[Start of section]
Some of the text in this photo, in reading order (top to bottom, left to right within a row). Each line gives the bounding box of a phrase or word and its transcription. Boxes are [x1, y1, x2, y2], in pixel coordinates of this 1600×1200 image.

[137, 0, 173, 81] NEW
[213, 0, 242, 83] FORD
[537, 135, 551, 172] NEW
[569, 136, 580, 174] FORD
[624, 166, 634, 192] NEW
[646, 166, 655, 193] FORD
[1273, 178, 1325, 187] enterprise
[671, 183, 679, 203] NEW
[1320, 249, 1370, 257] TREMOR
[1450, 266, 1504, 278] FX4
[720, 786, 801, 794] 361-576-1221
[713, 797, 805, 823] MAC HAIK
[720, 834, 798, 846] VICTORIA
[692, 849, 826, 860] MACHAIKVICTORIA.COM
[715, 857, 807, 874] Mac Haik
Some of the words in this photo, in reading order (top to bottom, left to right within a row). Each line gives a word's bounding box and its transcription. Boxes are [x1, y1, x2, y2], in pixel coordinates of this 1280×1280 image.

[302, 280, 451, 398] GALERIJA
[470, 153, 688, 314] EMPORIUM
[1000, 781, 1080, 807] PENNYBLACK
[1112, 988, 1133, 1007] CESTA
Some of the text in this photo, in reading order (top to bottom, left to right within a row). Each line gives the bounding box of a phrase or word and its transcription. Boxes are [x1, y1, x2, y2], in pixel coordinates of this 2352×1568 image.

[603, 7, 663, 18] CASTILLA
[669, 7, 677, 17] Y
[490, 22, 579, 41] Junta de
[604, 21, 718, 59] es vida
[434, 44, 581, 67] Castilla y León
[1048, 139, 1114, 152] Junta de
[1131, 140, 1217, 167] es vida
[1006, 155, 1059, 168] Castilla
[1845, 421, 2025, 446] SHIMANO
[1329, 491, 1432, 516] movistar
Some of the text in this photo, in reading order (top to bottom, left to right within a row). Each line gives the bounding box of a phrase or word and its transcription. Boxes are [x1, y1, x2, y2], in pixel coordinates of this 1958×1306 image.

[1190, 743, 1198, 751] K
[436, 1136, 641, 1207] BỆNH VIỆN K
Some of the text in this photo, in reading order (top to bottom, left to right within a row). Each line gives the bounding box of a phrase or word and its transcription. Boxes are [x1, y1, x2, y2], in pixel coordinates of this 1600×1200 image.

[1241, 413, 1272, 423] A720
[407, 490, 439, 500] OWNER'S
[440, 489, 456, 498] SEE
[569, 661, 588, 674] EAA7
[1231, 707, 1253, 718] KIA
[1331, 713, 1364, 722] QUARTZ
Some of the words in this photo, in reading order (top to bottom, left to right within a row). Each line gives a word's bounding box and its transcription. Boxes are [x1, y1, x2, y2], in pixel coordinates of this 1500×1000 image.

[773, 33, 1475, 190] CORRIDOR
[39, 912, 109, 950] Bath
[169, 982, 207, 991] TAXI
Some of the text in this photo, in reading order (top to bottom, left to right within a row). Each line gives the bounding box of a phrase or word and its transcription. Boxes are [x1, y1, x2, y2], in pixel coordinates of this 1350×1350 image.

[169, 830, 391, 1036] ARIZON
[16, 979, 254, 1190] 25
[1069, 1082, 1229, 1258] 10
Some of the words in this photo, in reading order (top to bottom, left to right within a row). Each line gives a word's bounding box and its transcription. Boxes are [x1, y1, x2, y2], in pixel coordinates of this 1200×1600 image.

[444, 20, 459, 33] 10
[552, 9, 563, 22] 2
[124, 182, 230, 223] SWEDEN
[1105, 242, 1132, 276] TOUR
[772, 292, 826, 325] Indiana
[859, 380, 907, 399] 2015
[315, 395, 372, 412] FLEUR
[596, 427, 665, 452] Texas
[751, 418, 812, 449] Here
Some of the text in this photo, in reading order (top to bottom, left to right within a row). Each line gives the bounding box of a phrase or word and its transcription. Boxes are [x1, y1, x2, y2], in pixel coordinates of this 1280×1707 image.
[End of section]
§ **WHAT THE EXERCISE ASKS**
Write every line of the material out again exactly.

§ **WRITTEN RESPONSE**
Some of the text in this photo, in reading order (top to bottom, left to right within a row). Each line gives the bounding box of a phrase or word and its transcription. Boxes are [x1, y1, x2, y2], in pixel coordinates of this 1600×1200 image.

[137, 0, 173, 81] NEW
[213, 0, 242, 83] FORD
[537, 135, 551, 172] NEW
[569, 136, 580, 174] FORD
[624, 166, 634, 192] NEW
[646, 166, 655, 193] FORD
[1273, 178, 1325, 187] enterprise
[671, 183, 679, 203] NEW
[1320, 249, 1370, 257] TREMOR
[1450, 266, 1504, 278] FX4
[720, 786, 801, 794] 361-576-1221
[713, 797, 805, 823] MAC HAIK
[720, 834, 798, 846] VICTORIA
[692, 849, 826, 860] MACHAIKVICTORIA.COM
[715, 857, 807, 874] Mac Haik
Some of the words in this photo, in reading order (top to bottom, left to right within a row). Each line gives a word's bounding box and its transcription. Boxes are [x1, y1, x2, y2], in pixel coordinates of this 1280×1280 image.

[302, 280, 451, 398] GALERIJA
[470, 153, 688, 314] EMPORIUM
[1000, 781, 1080, 807] PENNYBLACK
[1112, 988, 1133, 1007] CESTA
Some of the text in this photo, in reading order (top to bottom, left to right within a row). Each line gives the bounding box of a phrase or word and its transcription. Boxes are [x1, y1, x2, y2], in pixel coordinates of this 2352×1568 image.

[603, 7, 663, 18] CASTILLA
[669, 7, 677, 17] Y
[490, 22, 579, 41] Junta de
[604, 21, 718, 59] es vida
[434, 44, 581, 67] Castilla y León
[1048, 139, 1114, 152] Junta de
[1131, 140, 1217, 167] es vida
[1006, 155, 1059, 168] Castilla
[1845, 421, 2025, 446] SHIMANO
[1329, 491, 1432, 516] movistar
Some of the text in this photo, in reading order (top to bottom, left to right within a row). Each line gives the bounding box of a phrase or word and its transcription. Boxes are [x1, y1, x2, y2], in pixel coordinates of this 1958×1306 image.

[1190, 743, 1198, 751] K
[436, 1136, 641, 1207] BỆNH VIỆN K
Some of the text in this photo, in reading order (top to bottom, left to right within a row). Each line gives the bounding box of a phrase or word and its transcription. Boxes are [x1, y1, x2, y2], in pixel coordinates of this 1600×1200 image.

[1241, 413, 1272, 423] A720
[407, 490, 439, 500] OWNER'S
[440, 489, 456, 498] SEE
[569, 661, 588, 674] EAA7
[1231, 707, 1253, 718] KIA
[1331, 713, 1364, 722] QUARTZ
Some of the words in this photo, in reading order (top to bottom, left to right within a row). Each line gives a word's bounding box and its transcription. Boxes are [x1, y1, x2, y2], in pixel coordinates of this 1500×1000 image.

[773, 33, 1475, 190] CORRIDOR
[39, 912, 109, 950] Bath
[169, 982, 207, 991] TAXI
Some of the text in this photo, in reading order (top to bottom, left to right within a row). Each line gives the bounding box of a phrase or word and its transcription. Boxes are [x1, y1, x2, y2], in pixel coordinates of this 1350×1350 image.

[169, 830, 391, 1036] ARIZON
[16, 979, 254, 1190] 25
[1069, 1082, 1229, 1258] 10
Some of the words in this photo, in reading order (top to bottom, left to right within a row). Each line gives a word's bounding box and its transcription. Boxes are [x1, y1, x2, y2], in pixel coordinates of this 1200×1600 image.

[444, 20, 459, 33] 10
[552, 9, 563, 22] 2
[124, 182, 230, 223] SWEDEN
[1105, 242, 1132, 276] TOUR
[772, 292, 826, 325] Indiana
[859, 380, 907, 399] 2015
[315, 395, 372, 412] FLEUR
[596, 427, 665, 452] Texas
[751, 418, 812, 449] Here
Some of the text in this photo, in reading order (top to bottom, left to right within a row). Each line gives the bounding box of a phrase or word and its transcription. Boxes are [x1, y1, x2, y2], in pixel coordinates of this 1280×1707 image.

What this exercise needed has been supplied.